Phrase grounding data

▬▬▬▬▬▬

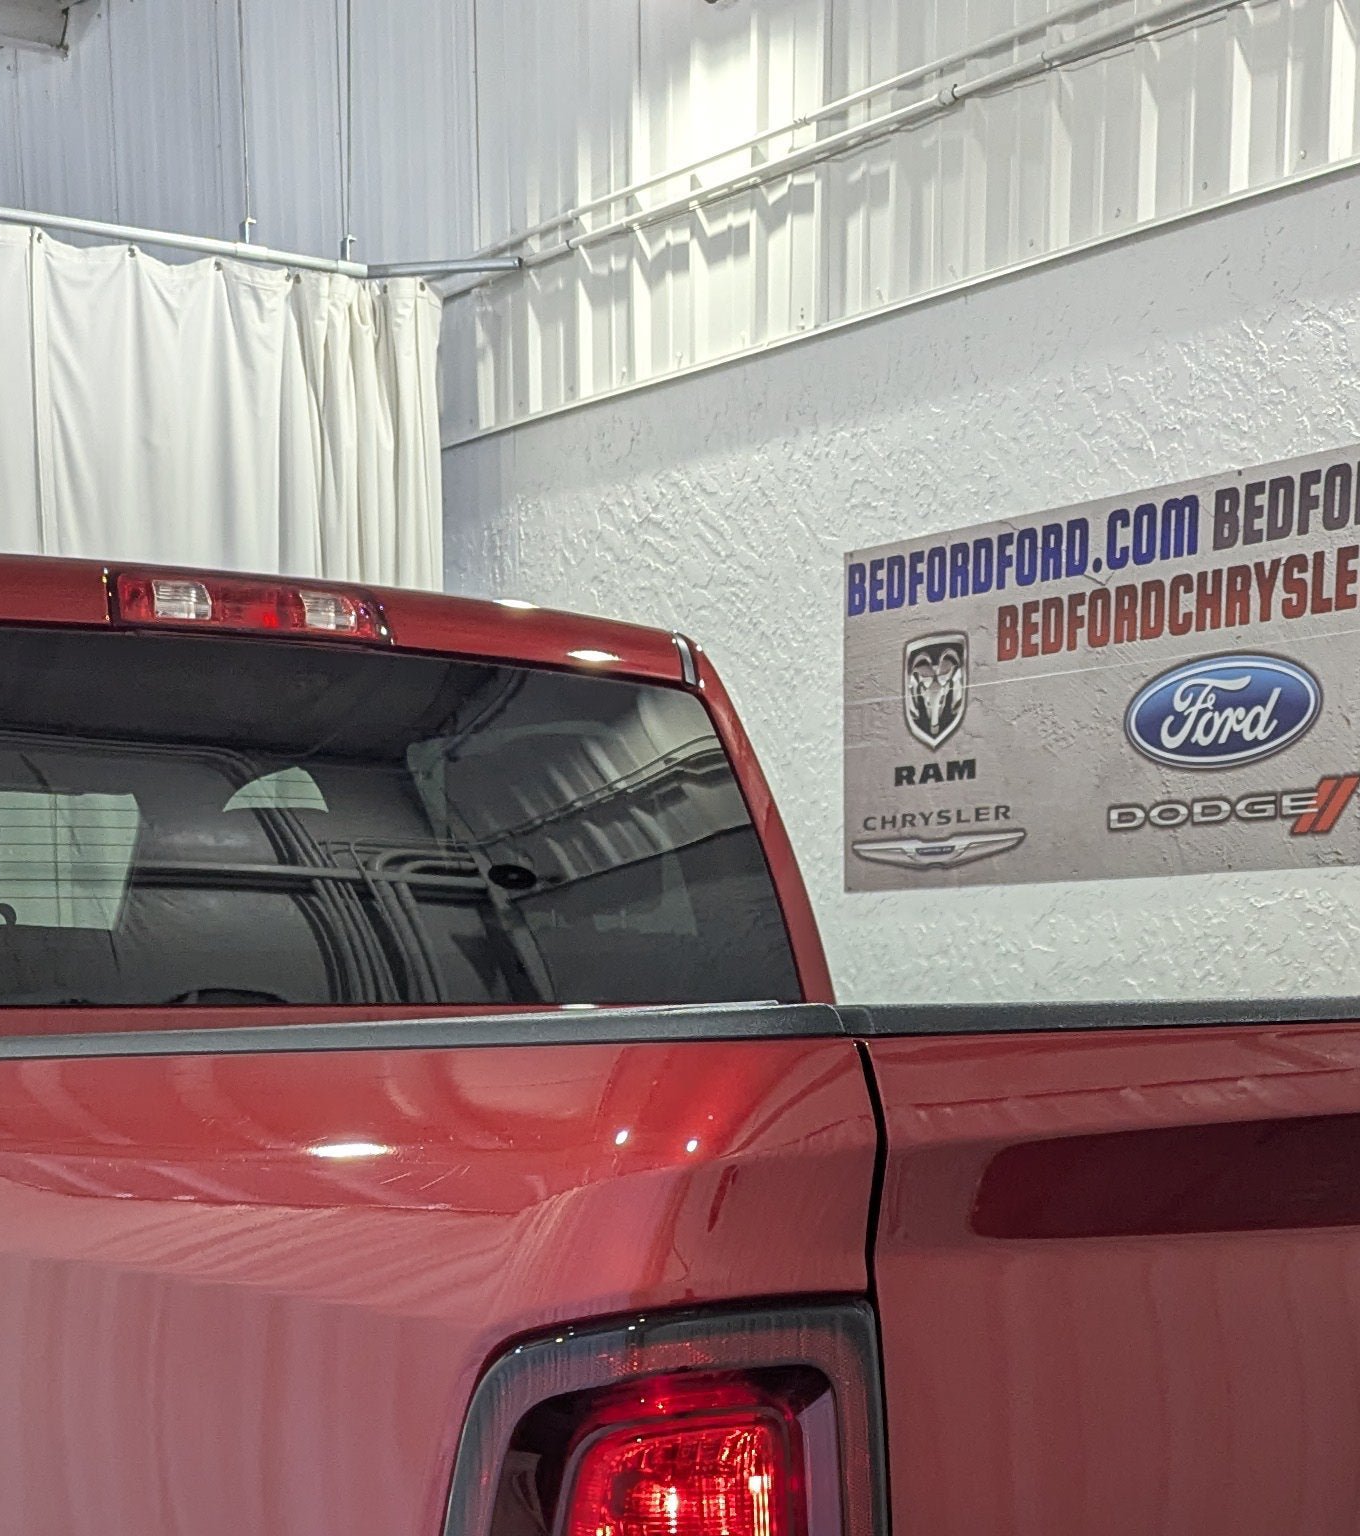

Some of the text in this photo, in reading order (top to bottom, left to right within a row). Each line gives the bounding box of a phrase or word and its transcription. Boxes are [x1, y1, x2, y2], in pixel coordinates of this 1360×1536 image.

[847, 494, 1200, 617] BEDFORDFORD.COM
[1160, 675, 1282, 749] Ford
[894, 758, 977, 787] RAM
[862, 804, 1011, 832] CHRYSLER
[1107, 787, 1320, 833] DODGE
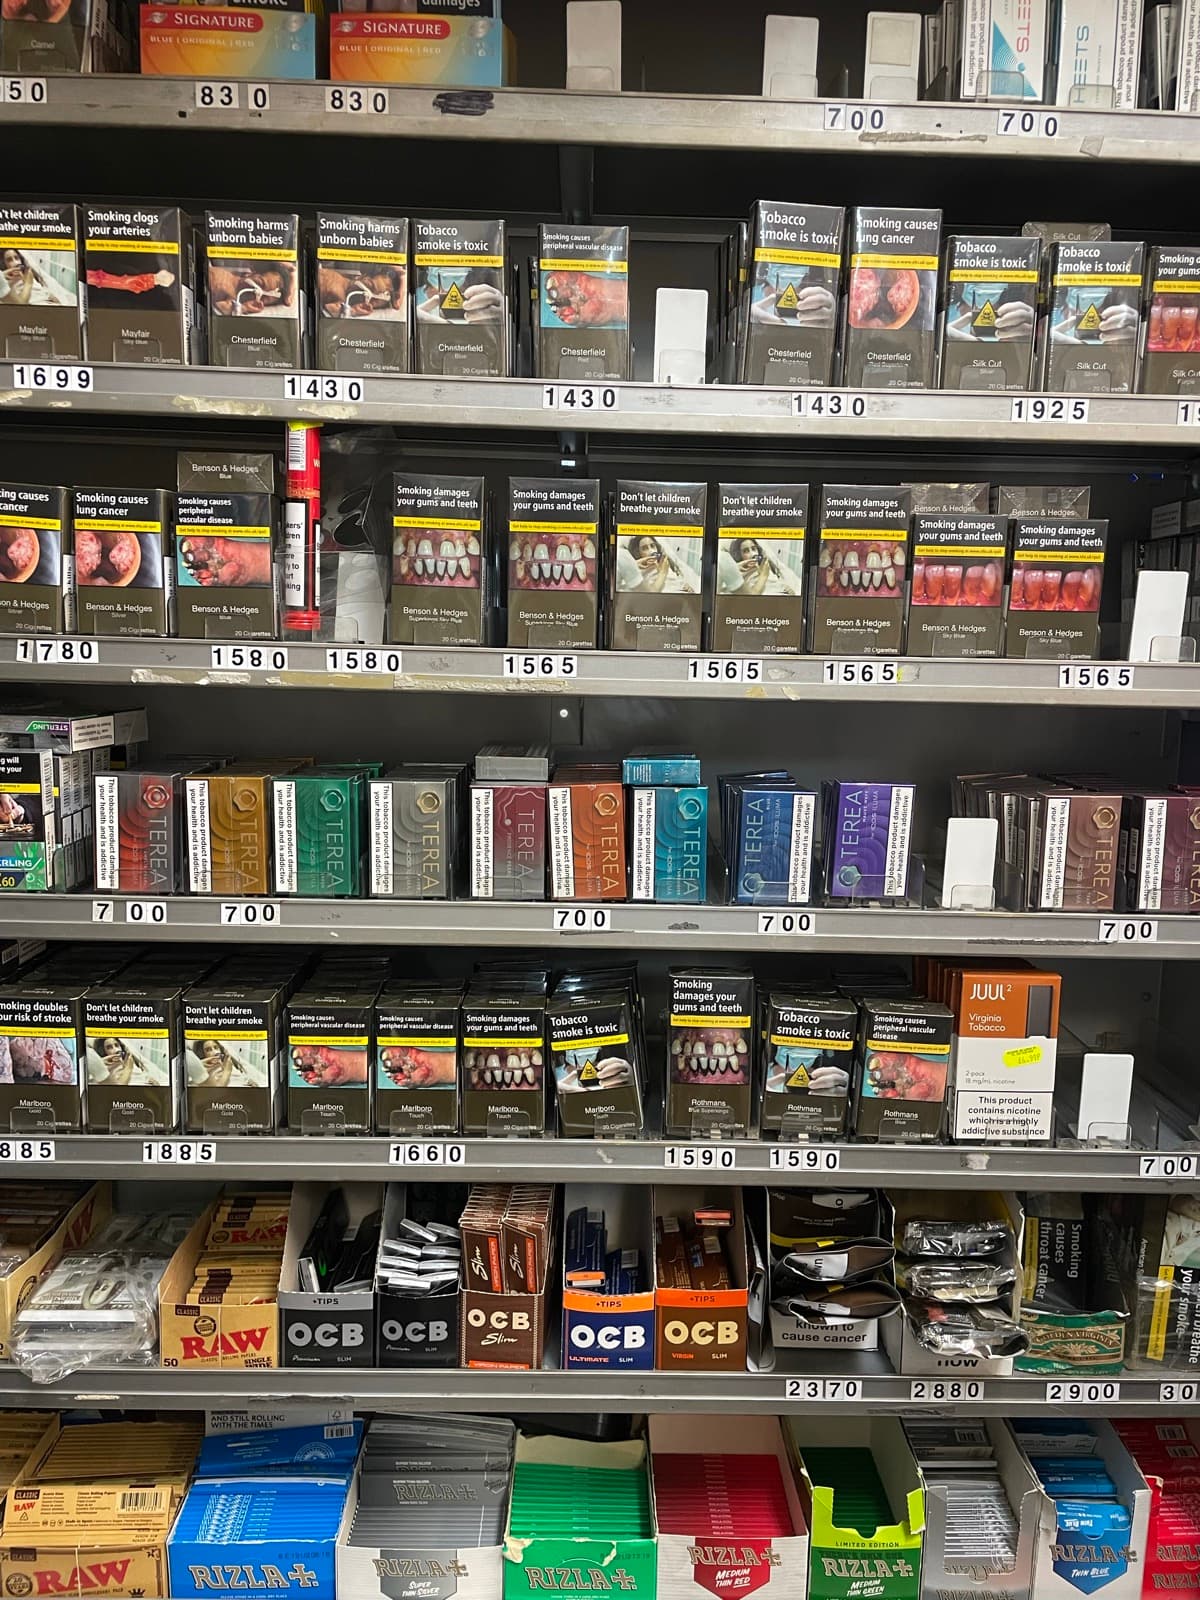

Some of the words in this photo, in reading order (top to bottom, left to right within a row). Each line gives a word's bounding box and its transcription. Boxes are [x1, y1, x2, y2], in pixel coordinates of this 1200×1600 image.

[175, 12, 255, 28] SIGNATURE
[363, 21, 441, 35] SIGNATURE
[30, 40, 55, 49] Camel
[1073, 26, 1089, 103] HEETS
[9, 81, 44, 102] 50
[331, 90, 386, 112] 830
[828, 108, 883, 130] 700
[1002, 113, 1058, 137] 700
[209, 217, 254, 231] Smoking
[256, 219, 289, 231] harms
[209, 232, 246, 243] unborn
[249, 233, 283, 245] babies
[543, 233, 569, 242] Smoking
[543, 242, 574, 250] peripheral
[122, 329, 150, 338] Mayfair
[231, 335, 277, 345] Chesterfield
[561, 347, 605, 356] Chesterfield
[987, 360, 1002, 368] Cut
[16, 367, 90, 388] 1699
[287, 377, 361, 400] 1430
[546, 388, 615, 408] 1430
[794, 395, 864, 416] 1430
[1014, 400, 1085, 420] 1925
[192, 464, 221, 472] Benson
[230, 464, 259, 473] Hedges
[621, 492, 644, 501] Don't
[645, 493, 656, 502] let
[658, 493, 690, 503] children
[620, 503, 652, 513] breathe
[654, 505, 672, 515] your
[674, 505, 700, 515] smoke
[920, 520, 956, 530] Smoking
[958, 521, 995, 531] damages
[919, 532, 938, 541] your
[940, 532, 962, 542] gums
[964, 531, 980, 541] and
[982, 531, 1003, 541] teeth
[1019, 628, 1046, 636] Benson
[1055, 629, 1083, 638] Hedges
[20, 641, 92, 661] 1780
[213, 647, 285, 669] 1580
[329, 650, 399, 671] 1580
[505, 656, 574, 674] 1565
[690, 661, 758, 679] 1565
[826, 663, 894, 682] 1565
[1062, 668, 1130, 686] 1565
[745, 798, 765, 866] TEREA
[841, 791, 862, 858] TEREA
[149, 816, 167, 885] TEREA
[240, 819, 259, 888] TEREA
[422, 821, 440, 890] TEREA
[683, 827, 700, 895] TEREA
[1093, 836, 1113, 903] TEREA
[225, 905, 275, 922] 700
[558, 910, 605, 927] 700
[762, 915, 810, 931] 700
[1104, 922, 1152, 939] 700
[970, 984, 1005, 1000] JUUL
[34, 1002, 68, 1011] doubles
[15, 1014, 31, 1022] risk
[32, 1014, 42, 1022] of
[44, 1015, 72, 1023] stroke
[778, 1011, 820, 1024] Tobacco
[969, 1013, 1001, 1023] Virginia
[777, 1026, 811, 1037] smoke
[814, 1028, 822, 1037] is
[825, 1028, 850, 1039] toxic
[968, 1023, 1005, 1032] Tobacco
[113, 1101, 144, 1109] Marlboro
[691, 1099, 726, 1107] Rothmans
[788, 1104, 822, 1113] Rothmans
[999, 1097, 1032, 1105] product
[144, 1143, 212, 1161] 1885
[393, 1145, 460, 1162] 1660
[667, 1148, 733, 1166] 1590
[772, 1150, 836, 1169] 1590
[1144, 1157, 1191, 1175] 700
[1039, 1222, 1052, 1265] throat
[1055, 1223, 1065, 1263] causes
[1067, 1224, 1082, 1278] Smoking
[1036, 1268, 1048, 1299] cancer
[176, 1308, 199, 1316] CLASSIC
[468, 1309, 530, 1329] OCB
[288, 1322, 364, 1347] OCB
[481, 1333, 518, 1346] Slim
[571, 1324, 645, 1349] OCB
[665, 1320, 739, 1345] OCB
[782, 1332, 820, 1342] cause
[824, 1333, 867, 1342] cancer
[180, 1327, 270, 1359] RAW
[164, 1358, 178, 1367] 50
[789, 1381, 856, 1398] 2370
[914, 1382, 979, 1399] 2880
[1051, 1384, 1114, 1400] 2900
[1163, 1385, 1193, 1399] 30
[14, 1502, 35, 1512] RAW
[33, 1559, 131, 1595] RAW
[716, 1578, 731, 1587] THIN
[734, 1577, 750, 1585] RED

▬▬▬▬▬▬

Task directions | Go through the lines above and copy any that contain "TEREA".

Written response |
[745, 798, 765, 866] TEREA
[841, 791, 862, 858] TEREA
[149, 816, 167, 885] TEREA
[240, 819, 259, 888] TEREA
[422, 821, 440, 890] TEREA
[683, 827, 700, 895] TEREA
[1093, 836, 1113, 903] TEREA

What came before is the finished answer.